From Midtown to Downtown, there’s a lot that’s new at Nexton
The distance is barely a mile, hardly far enough for a cyclist pedaling through the extensive trail system to break a sweat. But that same span between the Brighton Park Village and Midtown neighborhoods of the Nexton master-planned community represents the next step in the development’s continuing growth.
There’s always something new at Nexton, which last year was named as the top master-planned community in the country by the National Association of Home Builders. It might be a new restaurant coming to Nexton Square, the community’s commercial hub. It might be a new amenity center with a resort-style pool. It might be new townhomes that have the master bedroom on the first floor, a new hospital from MUSC, or the opening of an entirely new residential section that will encompass the lion’s share of Nexton’s housing inventory.
Or it can be all of the above. What began as one modest row of homes in 2015 has exploded into a residential and commercial hub adjacent to Summerville that could one day be home to 16,000 people or more.
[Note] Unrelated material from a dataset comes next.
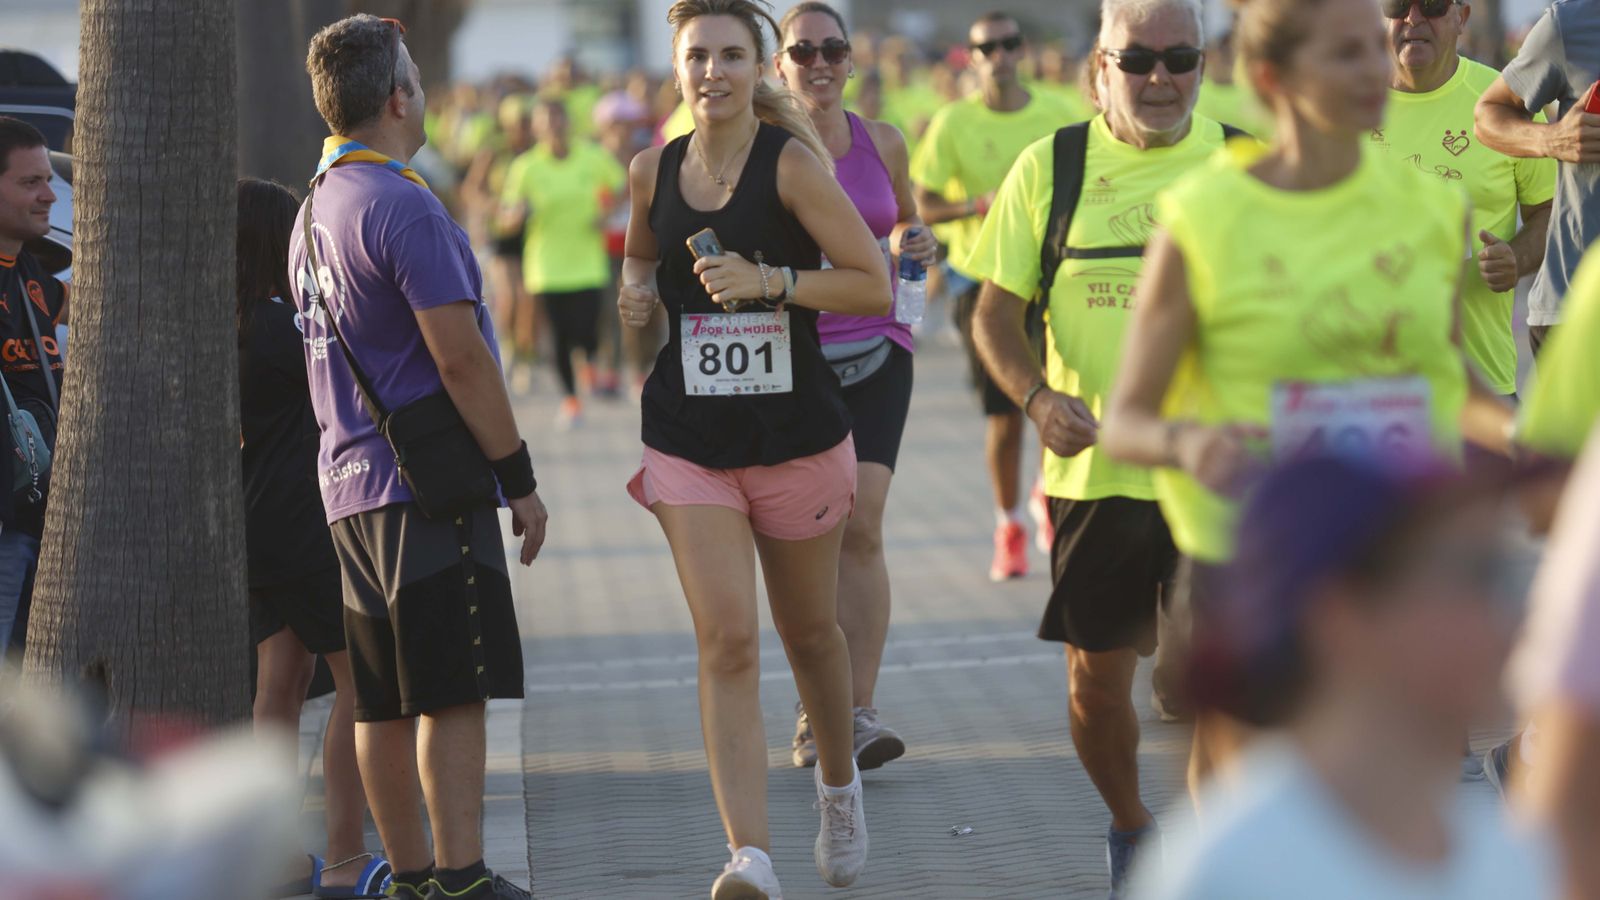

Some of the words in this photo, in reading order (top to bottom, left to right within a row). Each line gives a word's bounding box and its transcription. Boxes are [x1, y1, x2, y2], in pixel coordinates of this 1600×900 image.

Nexton’s first residential community, 700-home Brighton Park Village, is almost sold out. The first phase of its next neighborhood, 3,000-home Midtown, is underway. Ground was recently broken on Downtown Nexton, a mixed-use district that will include retail, dining, office and apartment units.
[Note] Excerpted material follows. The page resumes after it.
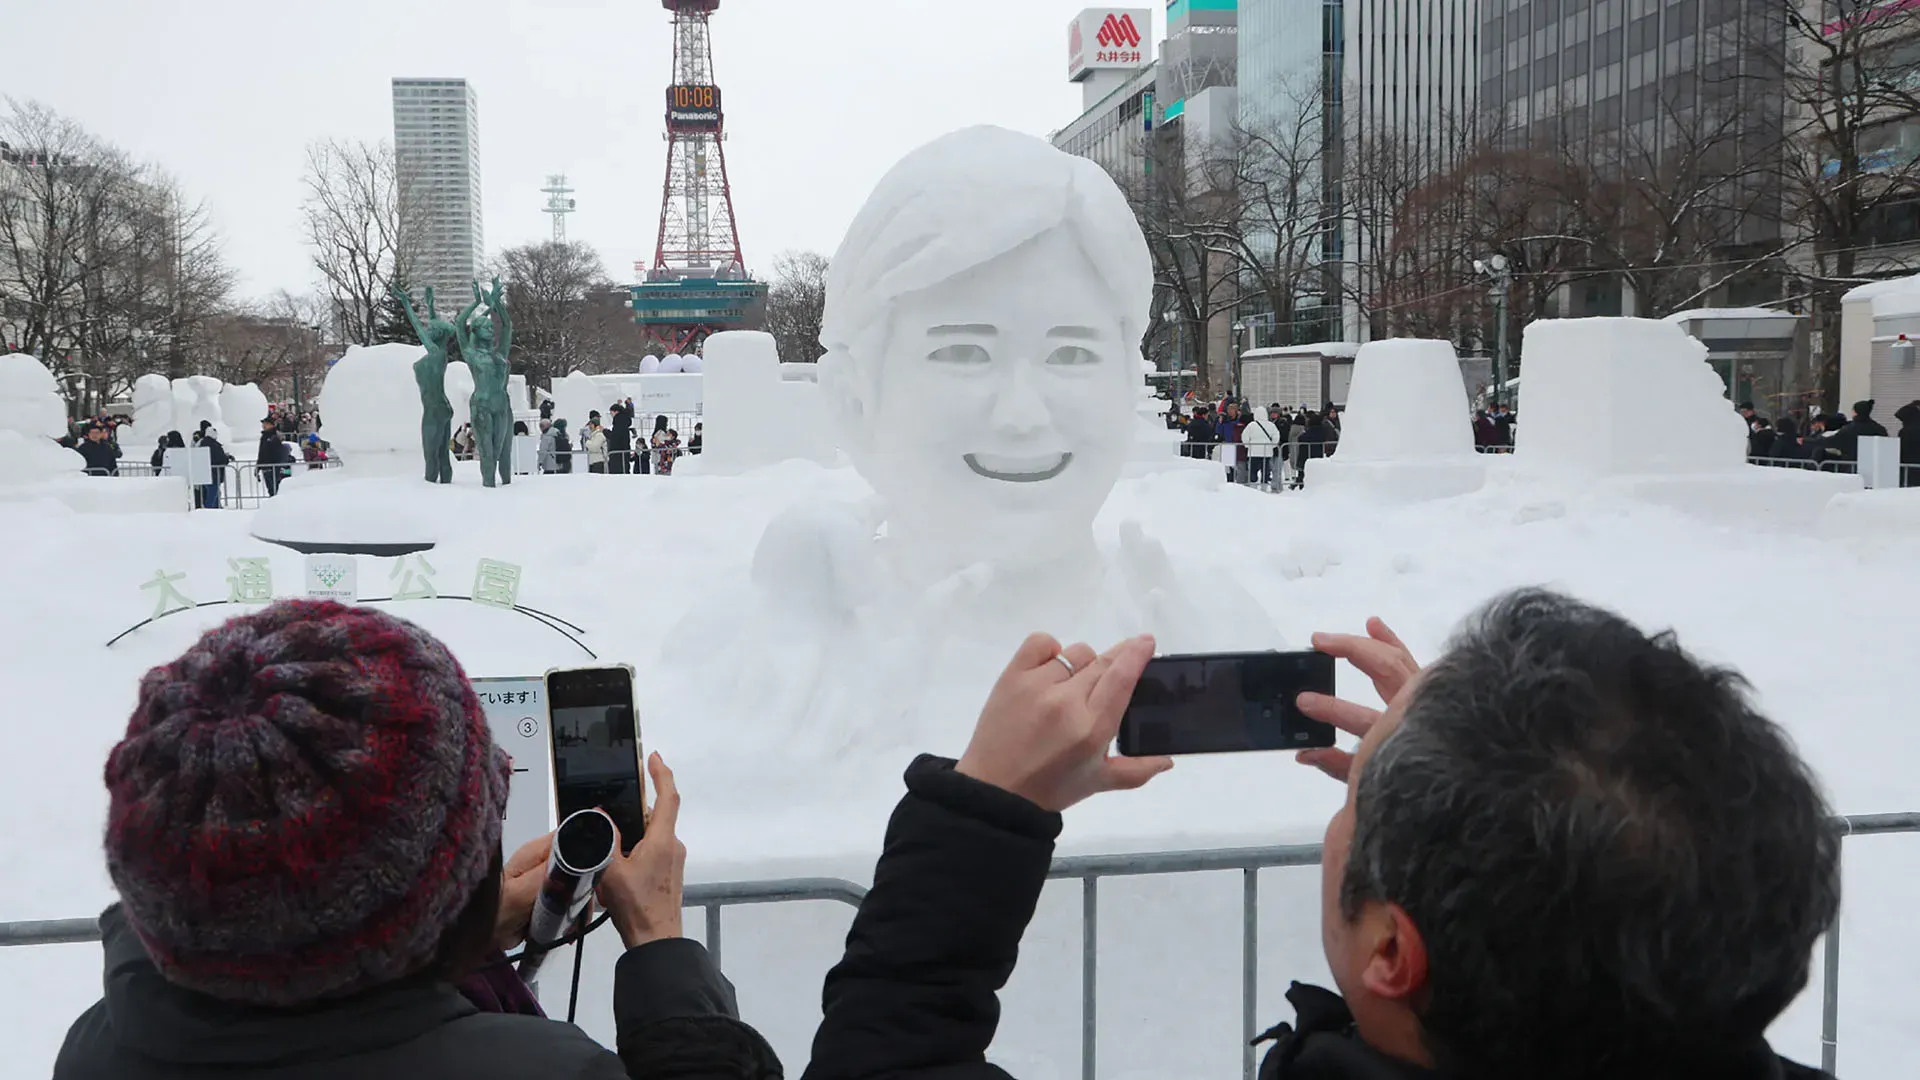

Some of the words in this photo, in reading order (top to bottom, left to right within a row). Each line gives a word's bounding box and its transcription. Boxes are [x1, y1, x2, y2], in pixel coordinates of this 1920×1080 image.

[1096, 51, 1141, 62] 丸井今井
[674, 86, 713, 107] 10:08
[671, 111, 718, 120] Panasonic
“It’s almost as if Nexton is creating their own little town nestled beside Summerville,” said Nora Tanner, an agent with Carolina One Real Estate and a Nexton resident. “People really like it. You have some big-name restaurants that have invested up here, so it gives people options instead of having to go to downtown Charleston.”
So what’s new at Nexton? Everything, really, beginning with the neighborhood that the majority of the development’s residents will eventually call home.
Welcome to Midtown
When developer Newland was first planning Nexton, the company’s research strongly indicated that potential residents did not want cookie-cutter homes. That helped inspire the approach to Brighton Park, where Newland assembled a roster of local and national homebuilders to create a diverse set of residential offerings. With their wide porches and prominent beaming, the homes in Brighton Park Village were unique. As of early May, only four were left.
“They’re cottage-style, or two-story with double porches, more of a craftsman style,” Tanner said. “I have a small yard, and I’m at the point where that suits me just fine. You sit on the front porch and neighbors walk by, and they stop and talk. It makes you feel like you’re in a town. It’s really different and unique.”
When Nexton constructed its row of model homes upon the development’s launch in 2015, it also built out the homes on Brighton Park’s first street. “People were actually able to see what they were buying into,” said Cassie Cataline, director of marketing for Nexton. “I think that really led to our success in Brighton Park. As we added more builders and more product, it just ramped up faster and faster over time.”
Although Nexton also includes a 55-plus Del Webb community and the lower price point neighborhood of North Creek Village, Midtown will become the development’s residential anchor. Nexton is taking the foundation of what worked in Brighton Park and expanding on it in Midtown, Cataline said—which means increasing the number of homebuilders and increasing the type of options that are available to potential buyers.
“We really expanded the architectural palate,” Cataline said. “We have added much smaller homes, we have added much, much, much larger homes. We have a builder who’s doing custom homes. We had our first sale that was $800,000 recently. So as we move into Midtown, we’re really going to push the envelope a little bit. There will be some modern and edgy products. There will be more sleek custom products. We want to make sure that if you live in Nexton, there is a home that will fit your needs from the standpoints of both price and architectural design.”
Midtown features a dizzying array of residential homes, with roughly 60 different options. Some have bold second-story porches, others dramatic gables or transoms, still more courtyard-style backyards. Homes by Dickerson, one of the builders working in Midtown, is offering homes with front-load garages, alley-fed garages, and even townhomes with the master bedroom on the first floor.
“We’ve kind of broadened out our horizons,” said Jonathan Bailey, Charleston division president for Homes by Dickerson, which had previously worked with Newland on two master-planned communities in Raleigh, N.C.
And the result? “We put under contract more homes in the first quarter than we closed as a company last year,” Bailey added. “The reception to our model home plan, as well as a couple of other plans, has been incredible. From a presale standpoint and people wanting to build the model home that we have in Midtown on display, all the way to the last available lots in Midtown, the reception from people has been excellent. At this point, we can’t get a house finished before we’ve sold it.”
In the first phase of Midtown–known as the “Blueway District”–there are about 100 homes which are either occupied or under construction, Cataline said. The area’s amenity center, the Midtown Club, is also under construction. When completed it will feature a sprawling lagoon-style pool, a fitness center, rooms for yoga or even those looking for a change of scenery while working from home, and even a lawn with food truck hook-ups so vendors won’t have to run their noisy generators.